A widely popular comedy Youtube channel with around five million subscribers, “The Try Guys,” has brought attention to the dangers of driving under the influence of marijuana, as well as other driving dangers like drinking, sleep-deprived, and texting.

“We’re doing this specifically to show you why you shouldn’t do this,” Try Guys member Keith Habersberger said, “and we’re going to do it ‘safely.’”

While all of the other dangers of driving under the influence remain relevant to us, as the legalization of marijuana is still in its early stages in many places across the United States, this video highlights how–contrary to popular belief–driving under the influence of marijuana is still very dangerous.

“We do have drug recognition experts,” Los Angeles Police Department Detective Bill Bustos said. “There are many indicators that we look at to determine what types of drugs they may be under the influence of.”

The video begins with the team taking a sobriety test with an officer, followed by each Try Guy taking turns driving through a course they previously drove through sober.

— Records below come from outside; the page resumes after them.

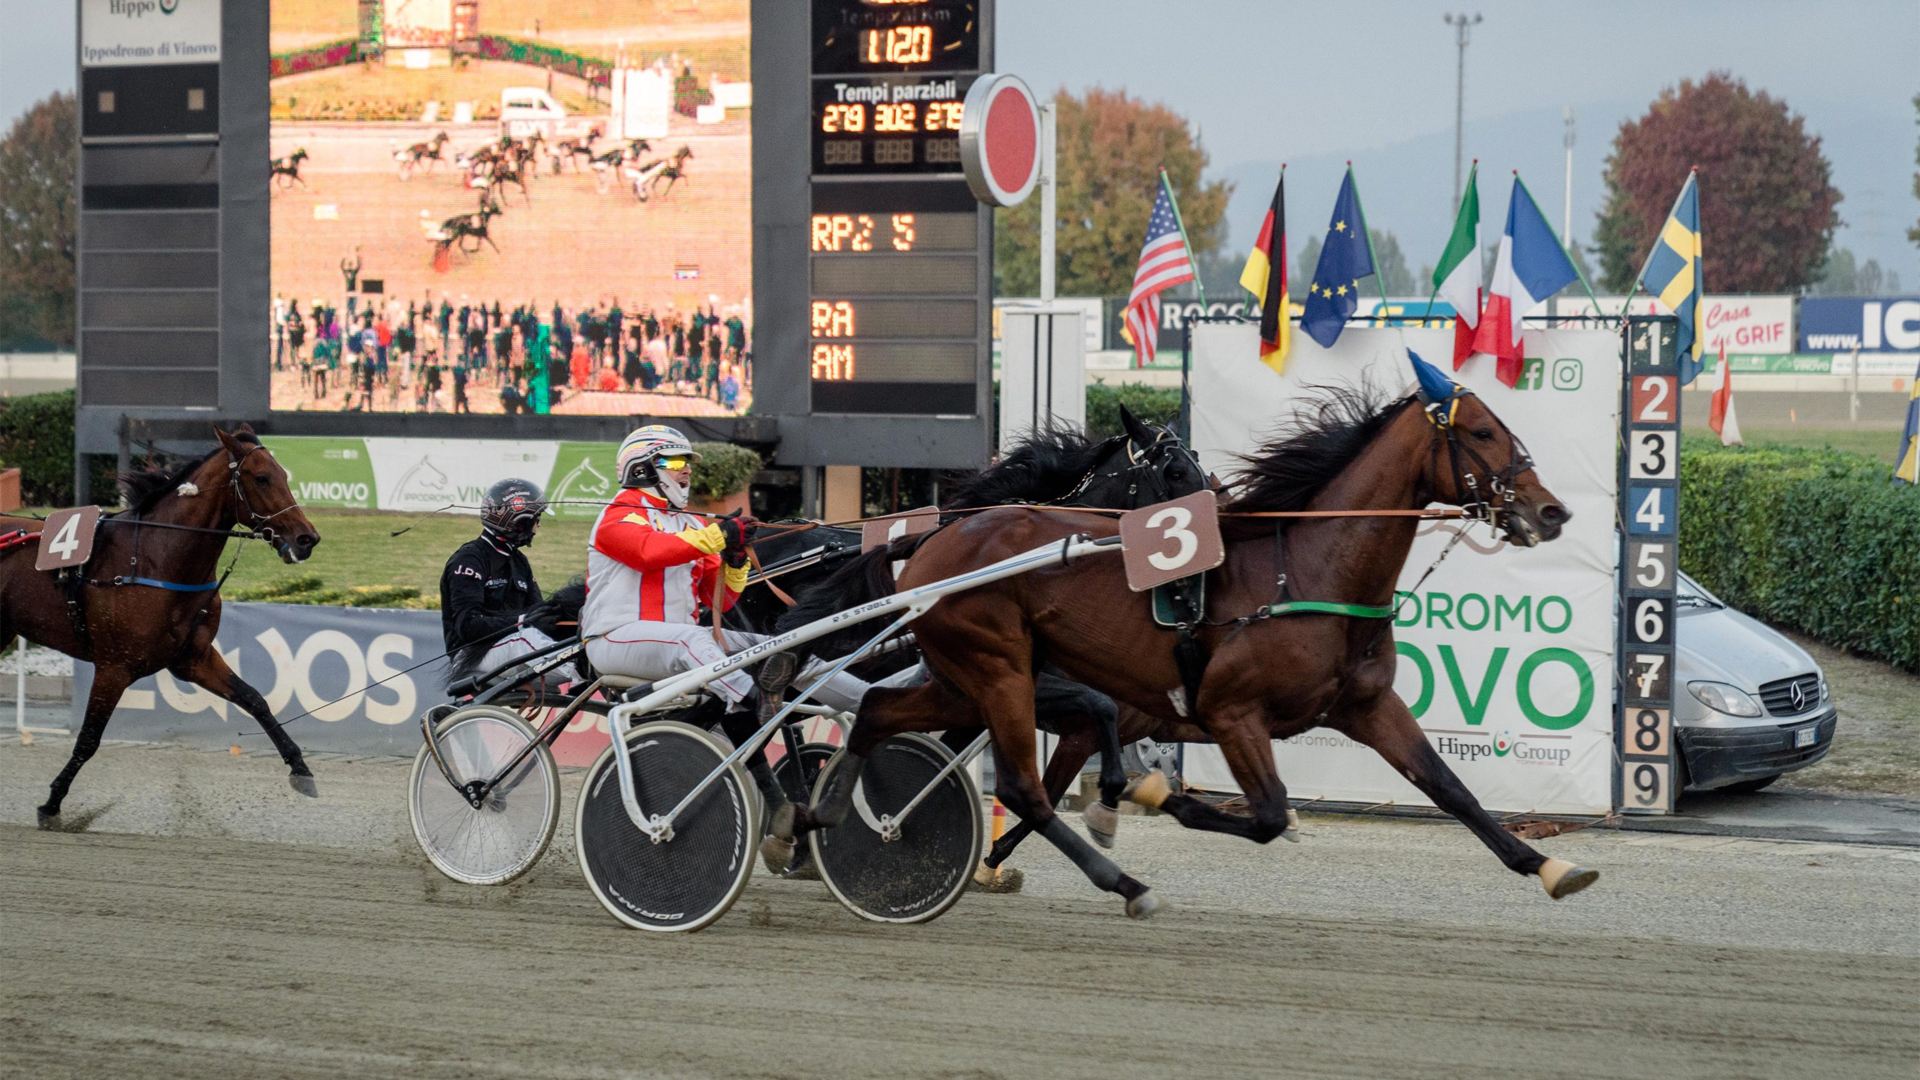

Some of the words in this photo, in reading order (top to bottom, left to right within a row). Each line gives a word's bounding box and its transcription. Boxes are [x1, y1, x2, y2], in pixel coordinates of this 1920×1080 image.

[109, 0, 156, 18] Hippo
[84, 44, 154, 61] Ippodromo
[158, 42, 170, 56] di
[174, 42, 217, 56] Vinovo
[834, 83, 888, 104] Tempi
[892, 80, 956, 103] parziali
[822, 104, 865, 132] 279
[812, 215, 874, 251] RP2
[892, 213, 915, 250] 5
[812, 302, 855, 337] RA
[1706, 303, 1751, 330] Casa
[1735, 322, 1784, 346] GRIF
[812, 344, 855, 381] AM
[1647, 321, 1661, 366] 1
[1640, 376, 1669, 420] 2
[1640, 433, 1666, 475] 3
[299, 481, 369, 501] VINOVO
[1635, 488, 1665, 532] 4
[48, 513, 82, 560] 4
[1145, 506, 1198, 571] 3
[1636, 543, 1666, 588] 5
[1634, 599, 1664, 643] 6
[712, 639, 778, 673] CUSTOM
[1635, 654, 1665, 698] 7
[1634, 709, 1661, 752] 8
[1438, 737, 1491, 761] Hippo
[1513, 742, 1571, 766] Group
[1633, 764, 1660, 805] 9
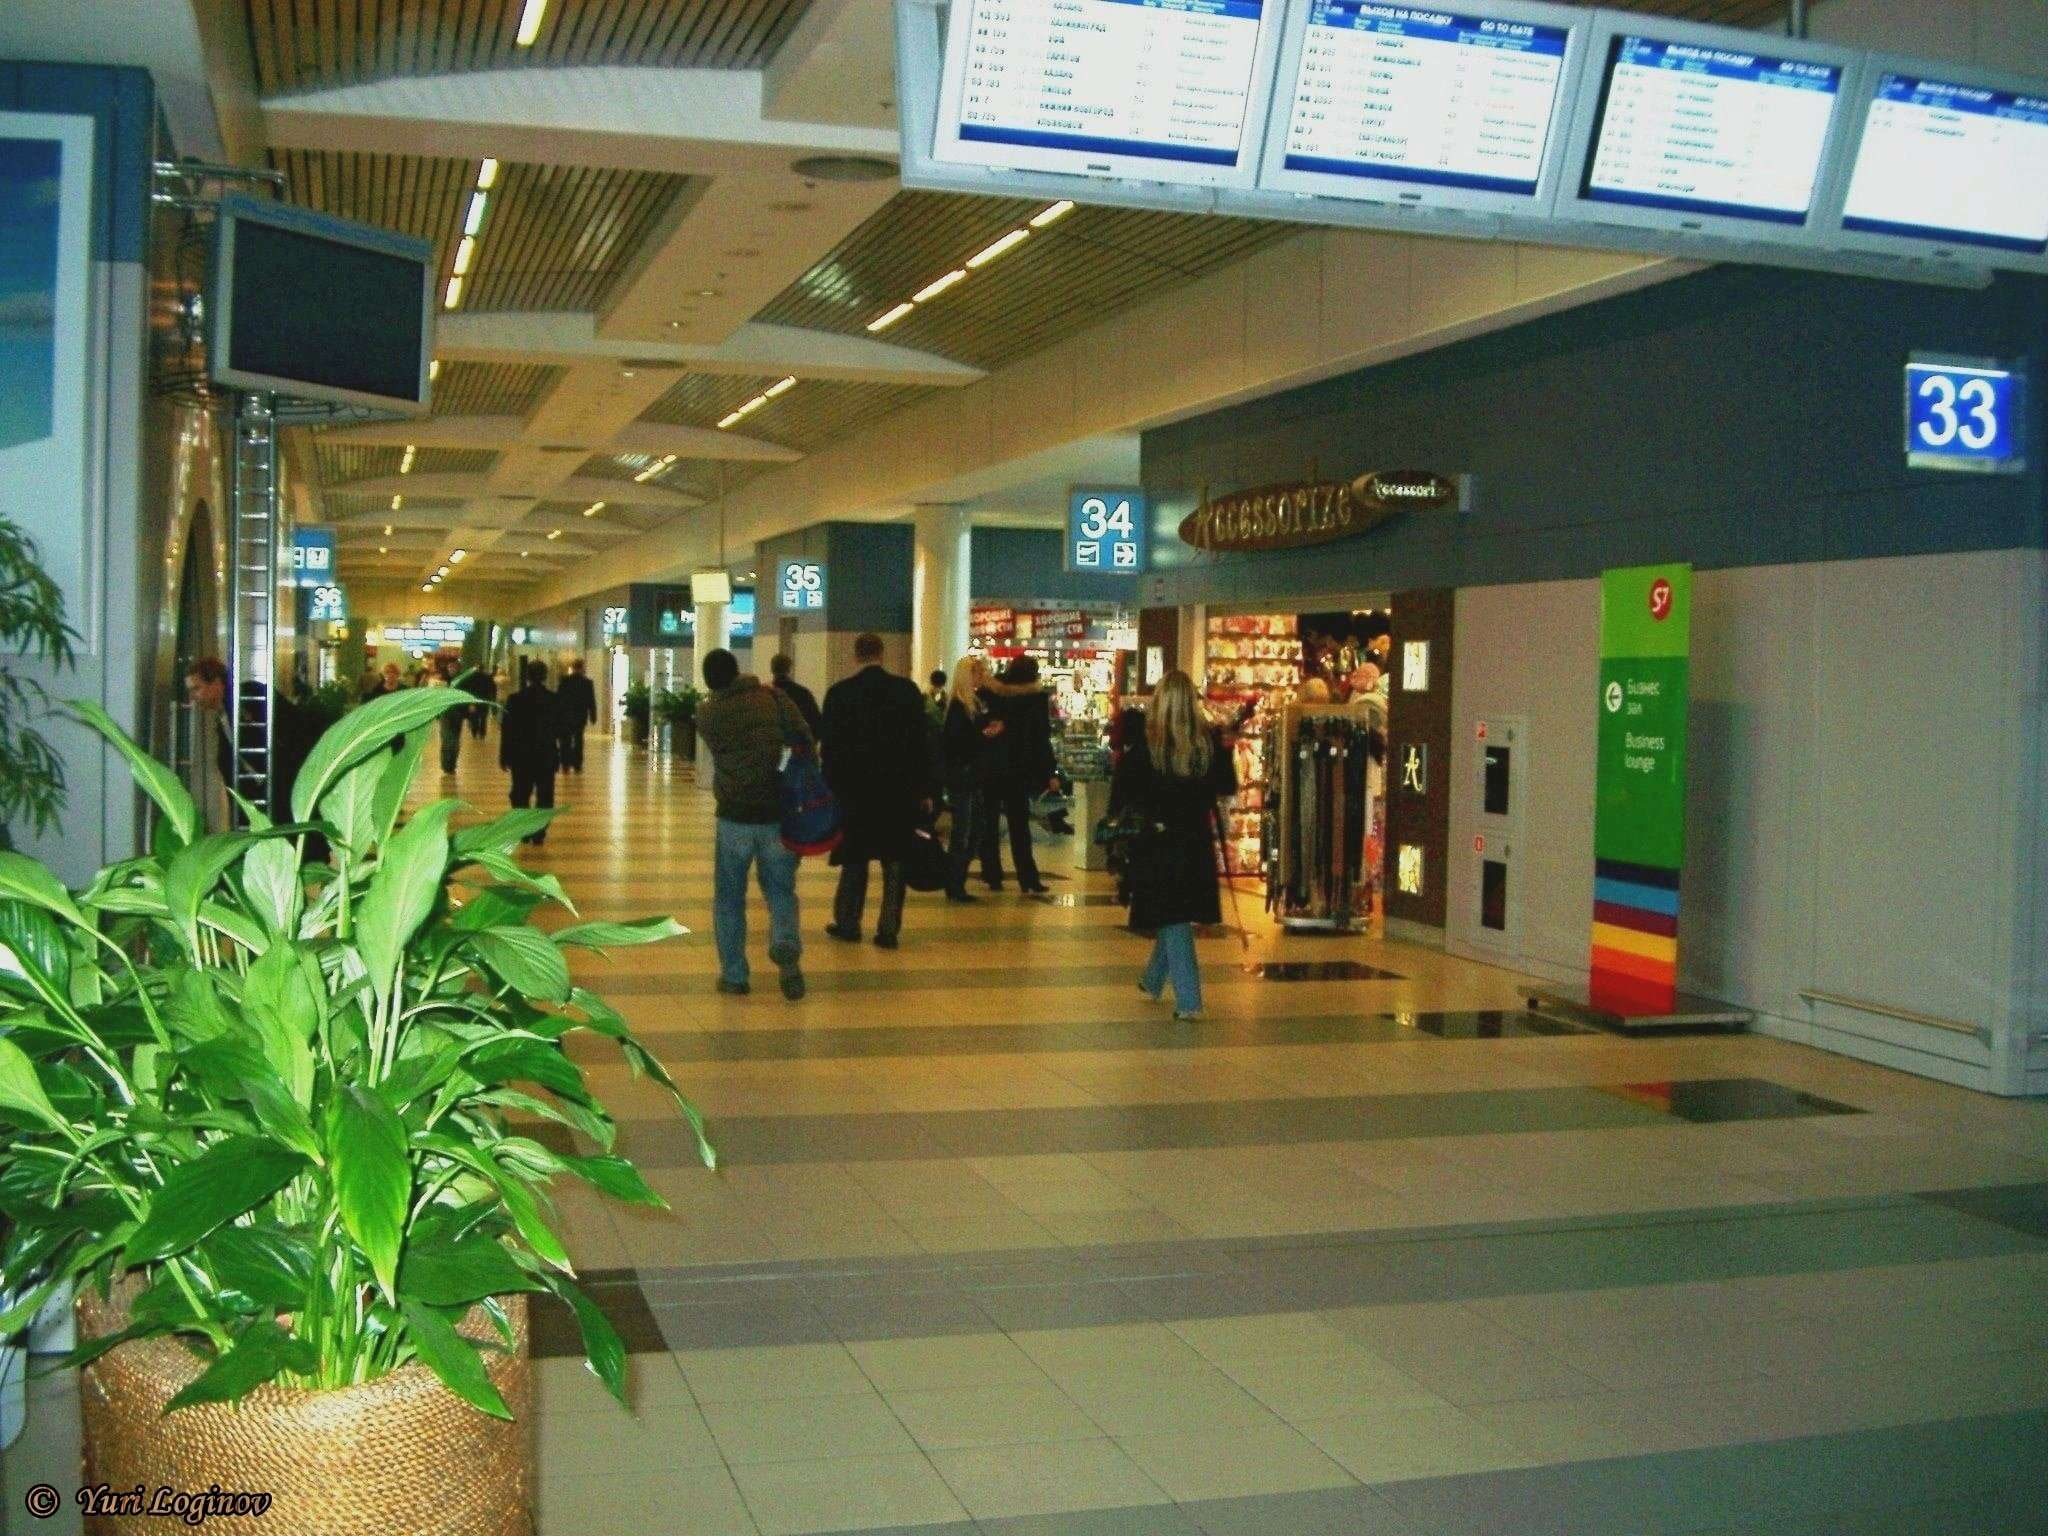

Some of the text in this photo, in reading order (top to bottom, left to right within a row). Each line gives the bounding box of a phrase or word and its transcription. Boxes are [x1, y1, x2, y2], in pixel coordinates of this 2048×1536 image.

[1918, 375, 1997, 449] 33
[1080, 498, 1134, 539] 34
[785, 564, 821, 591] 35
[314, 587, 341, 606] 36
[1652, 586, 1669, 613] S7
[604, 607, 627, 624] 37
[1625, 732, 1665, 750] Business
[1625, 754, 1656, 773] lounge

After driving the course, the Try Guys hit, on average, eight cones. Along with hitting cones, other common faults the members had were stopping in the middle of the road, driving too slow, driving in the wrong direction, and collisions.

While the issue of driving under the influence of marijuana is still new, law enforcement is making strides to better understand this issue and prevent it.

Police face new challenges

The legalization of recreational marijuana has passed in Michigan, but clarity of the law is evolving.

Shelby Township Police Officer Jim Malczewski has confiscated vape paraphernalia from students, some of which are capable of holding THC. Malczewski is Utica High’s liaison officer. MADALYN DISHMAN PHOTO

“The legalization has made my job harder,” Shelby Township Police Officer Jim Malczewski said. “The law is difficult to contain because it is so new.”

Soon after the law passed, police officials in Shelby Township were quick to ask its governing body to opt out of allowing commercial sales of marijuana and related products until the state is able to come up with licensing rules and regulations. According to Malczewski, law enforcement cited statistics from Colorado, where communities have seen an upswing in crimes after allowing recreational sales.

“It would bring in new crimes, and people desperate for weed, to Shelby.”

— Police Officer Jim Malczewski

The township agreed, and for now, the sale of recreational marijuana is not allowed in Shelby Township.

“It’s a great thing, because once grow operations are allowed, it brings in a lot of new challenges,” Malczewski said. “It would bring in new crimes, and people desperate for weed, to Shelby.”

According to Malczewski, recreational sales would have a very negative impact on the township.

“We would see crimes similar to those happening in Colorado,” Malczewski said. “For example, if [recreational marijuana users] don’t have enough money to buy marijuana, they car jack someone’s car. Obviously, this would present new challenges to law enforcement and residents within Shelby Township.”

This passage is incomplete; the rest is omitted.